2. Lost wages after a car accident
If injuries from a car accident cause you to miss work, your car insurance may be able to help get back some or all of the wages you lose. This benefit is part of personal injury protection, which covers injuries for you and your passengers regardless of who caused the crash. PIP is required in 12 states and optional in eight others.
"Make sure to ask your insurer if wage reimbursement is included in your PIP coverage, as states have slightly different laws," says Jeanne Salvatore of the Insurance Information Institute, an industry trade group. Some states may not offer this perk, and in others you may need to request it.
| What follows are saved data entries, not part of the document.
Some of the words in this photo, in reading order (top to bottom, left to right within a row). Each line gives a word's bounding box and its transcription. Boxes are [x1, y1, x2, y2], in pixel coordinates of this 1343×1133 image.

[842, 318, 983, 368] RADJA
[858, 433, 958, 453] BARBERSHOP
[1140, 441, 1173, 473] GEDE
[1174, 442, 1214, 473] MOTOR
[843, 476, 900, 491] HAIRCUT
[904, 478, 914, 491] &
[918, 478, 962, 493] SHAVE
For city dwellers who leave their cars on the street, there's potential for car damage from nasty weather, unpracticed parallel parkers and, yes, even riots. But whether a civil protest becomes violent or sports fans lose their cool after a big game, your auto insurance policy can help pay for damage. If you have comprehensive coverage, Passmore says, shattered windows, scratches, dents from kicking feet and other forms of riot-based vandalism are covered.
4. Earthquakes and floods
Because home insurance doesn't pay to repair damage from earthquakes or floods unless you buy special coverage, you might assume your auto insurance policy won't, either. But add these natural disasters to the list of risks covered under comprehensive auto insurance. With any comprehensive or collision claim, your claim check will be reduced by your deductible amount.
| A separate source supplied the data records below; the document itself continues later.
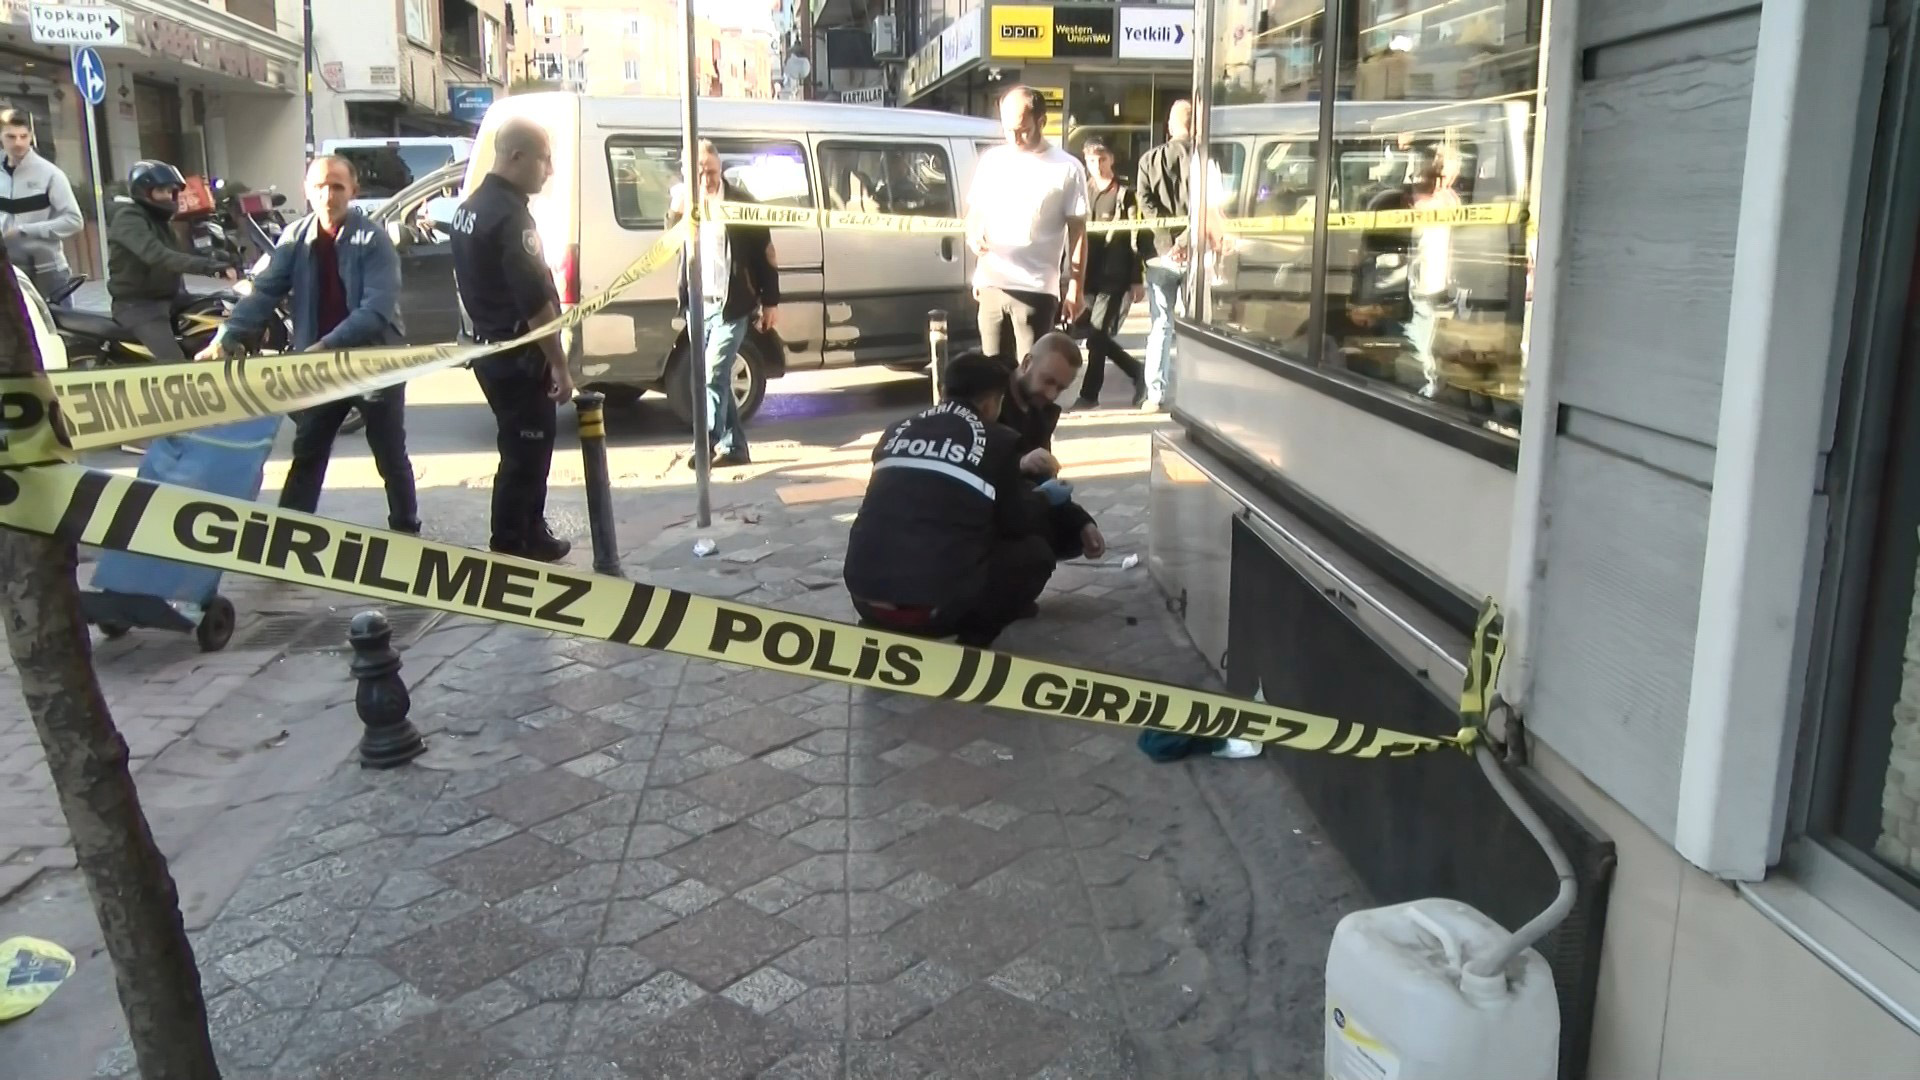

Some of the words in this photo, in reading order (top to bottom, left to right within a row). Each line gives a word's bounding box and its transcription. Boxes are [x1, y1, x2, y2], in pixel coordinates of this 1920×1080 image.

[37, 25, 103, 40] Yedikule
[1056, 24, 1093, 35] Western
[1125, 26, 1170, 41] Yetkili
[453, 208, 477, 235] OLİS
[892, 437, 967, 464] POLİS
[172, 501, 593, 627] GİRİLMEZ
[708, 606, 925, 687] POLİS
[1021, 671, 1308, 744] GİRİLMEZ
5. A friend's car accident with your vehicle
There's often confusion about who pays if a friend crashes your car. If a friend borrows your car and causes a crash, your insurance pays -- and the claim goes on your record. Liability insurance pays for the damage and injuries caused to others, up to your policy limit, and collision coverage pays for the damage to your car.
Crashes caused by your pals could trigger a rate increase for you at renewal time, and you could also be on the hook for damages that exceed your liability limits, so it's important to trust whomever you hand the keys and know the potential consequences of loaning your car.
6. Space junk
If debris from asteroids, meteors or orbiting satellites ever hurtles toward Earth and onto your car, your auto insurance policy can cover the damage. Falling objects, even ones from space, are included under comprehensive coverage, so your repairs would be reimbursed, minus your deductible. Comprehensive coverage also pays for theft of your car, as well as for animal collisions, floods and other damage not from car accidents.
7. Rodent damage
Squirrels, mice, chipmunks and other unwelcome rodents are known to gnaw on electrical wiring inside cars. If you have comprehensive coverage, your repairs are generally covered. Exceptions include cases when your vehicle is in storage or parked on the street.
No matter how unlikely it seems that an issue will be covered, Passmore recommends asking your insurer about it. Don't assume your auto insurance policy won't pay for oddball problems; you might lose out on financial help to which you're entitled.